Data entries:
◇ ◇ ◇ ◇ ◇ ◇ ◇

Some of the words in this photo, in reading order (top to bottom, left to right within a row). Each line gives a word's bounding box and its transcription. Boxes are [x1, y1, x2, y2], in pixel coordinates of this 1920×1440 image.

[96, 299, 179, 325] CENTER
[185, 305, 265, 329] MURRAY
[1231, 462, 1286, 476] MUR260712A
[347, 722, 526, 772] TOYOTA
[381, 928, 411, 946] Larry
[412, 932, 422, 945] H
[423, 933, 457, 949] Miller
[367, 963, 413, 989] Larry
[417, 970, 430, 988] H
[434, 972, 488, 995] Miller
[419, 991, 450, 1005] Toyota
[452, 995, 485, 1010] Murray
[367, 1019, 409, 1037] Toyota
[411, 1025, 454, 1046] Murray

◇ ◇ ◇ ◇ ◇ ◇ ◇

* Task directions *
Output every record without changing any wording.

* Task result *
Some of the words in this photo, in reading order (top to bottom, left to right within a row). Each line gives a word's bounding box and its transcription. Boxes are [x1, y1, x2, y2], in pixel coordinates of this 1920×1440 image.

[96, 299, 179, 325] CENTER
[185, 305, 265, 329] MURRAY
[1231, 462, 1286, 476] MUR260712A
[347, 722, 526, 772] TOYOTA
[381, 928, 411, 946] Larry
[412, 932, 422, 945] H
[423, 933, 457, 949] Miller
[367, 963, 413, 989] Larry
[417, 970, 430, 988] H
[434, 972, 488, 995] Miller
[419, 991, 450, 1005] Toyota
[452, 995, 485, 1010] Murray
[367, 1019, 409, 1037] Toyota
[411, 1025, 454, 1046] Murray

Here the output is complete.